[Opening Provided records section]

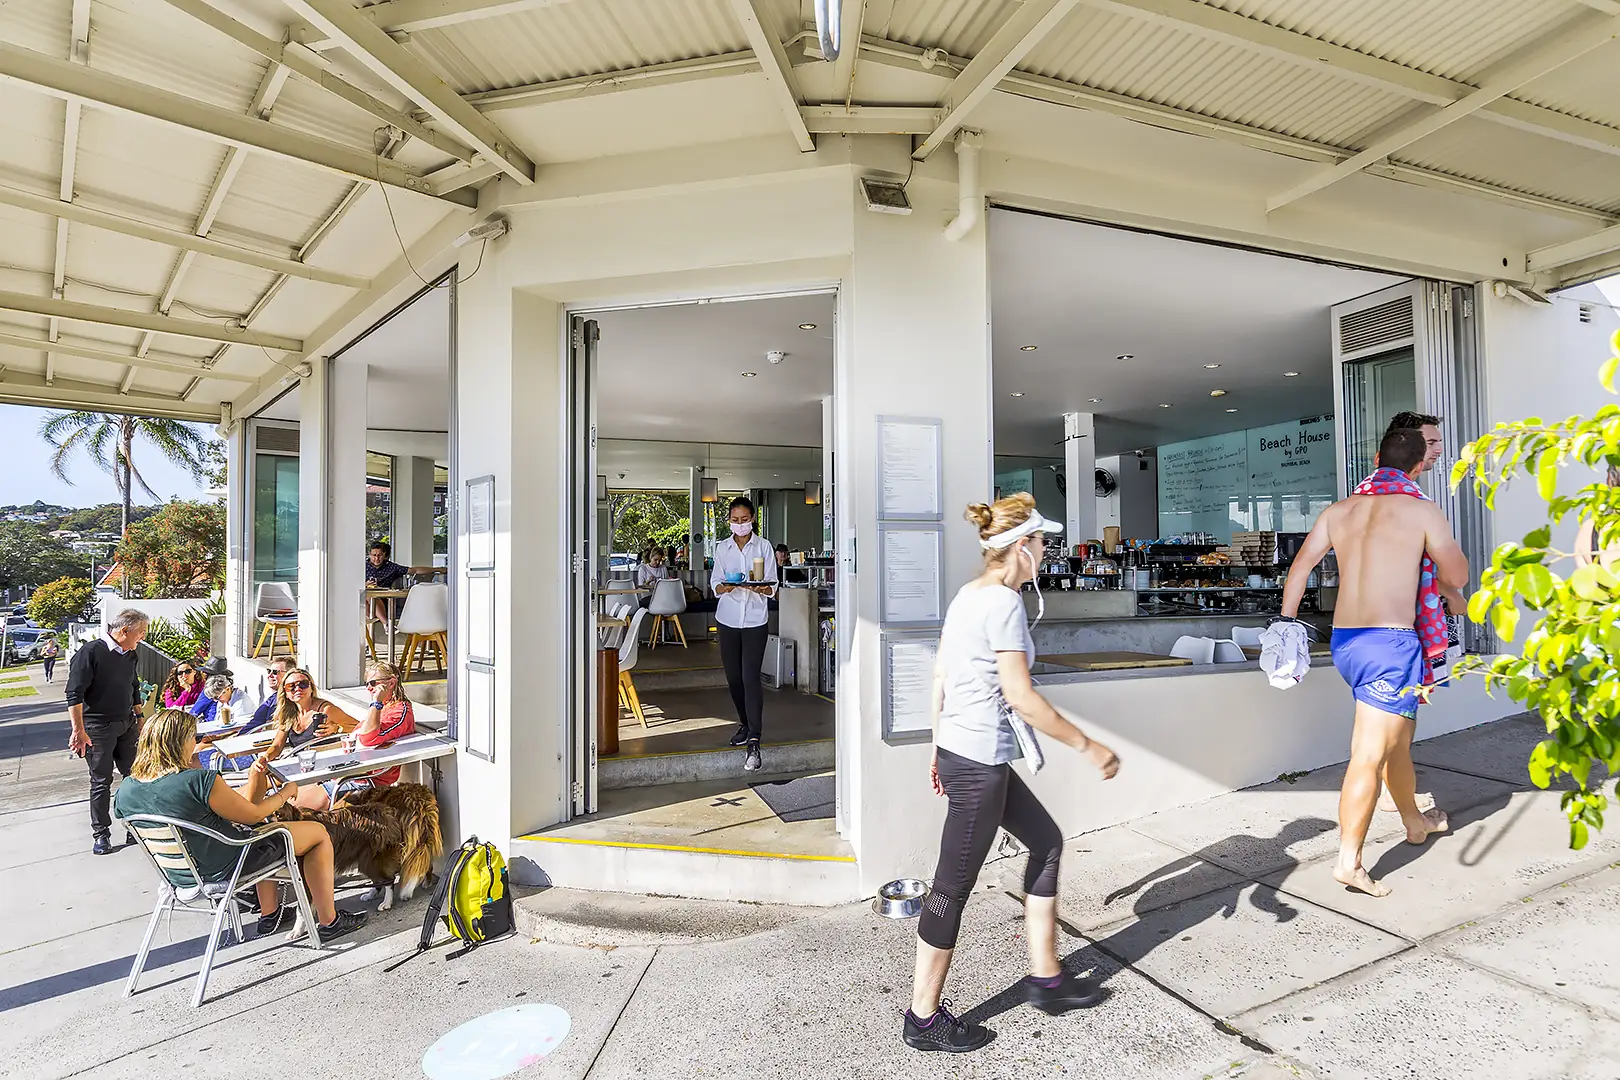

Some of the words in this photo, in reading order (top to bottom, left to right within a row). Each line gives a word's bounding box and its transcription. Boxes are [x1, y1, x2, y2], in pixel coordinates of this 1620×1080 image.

[1260, 434, 1291, 451] Beach
[1299, 430, 1330, 444] House
[1284, 449, 1292, 458] by
[1294, 446, 1308, 454] GPO
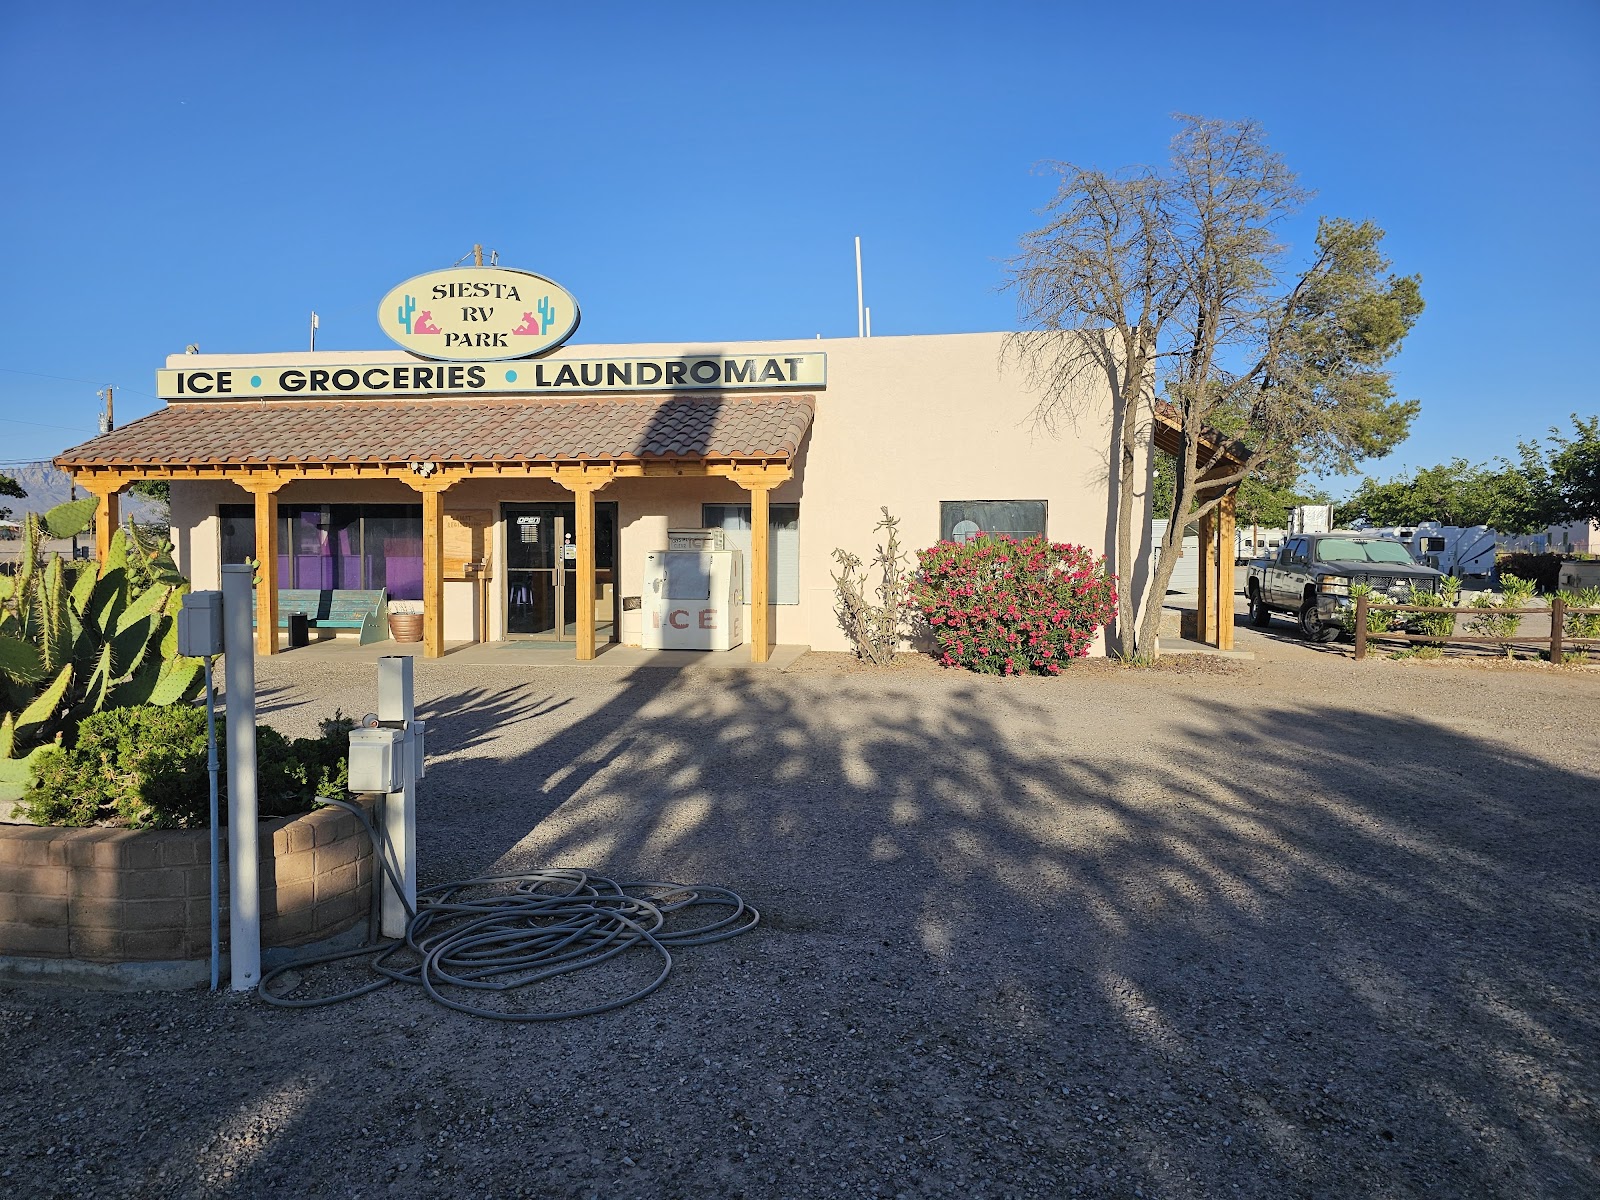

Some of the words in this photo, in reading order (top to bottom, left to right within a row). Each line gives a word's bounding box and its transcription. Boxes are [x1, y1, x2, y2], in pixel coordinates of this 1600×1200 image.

[Closing Provided records section]

Leave every image out, and retype the material exactly.

Some of the words in this photo, in reading order (top to bottom, left to right within a row). Each line gives a word's bounding box and its transcription. Boxes are [x1, y1, x2, y2], in pixel coordinates of this 1620×1080 image.

[1260, 434, 1291, 451] Beach
[1299, 430, 1330, 444] House
[1284, 449, 1292, 458] by
[1294, 446, 1308, 454] GPO

Some of the words in this photo, in reading order (top to bottom, left to right within a row). Each line gives a word's bounding box and its transcription. Boxes are [x1, y1, x2, y2], in pixel coordinates of this 1600×1200 image.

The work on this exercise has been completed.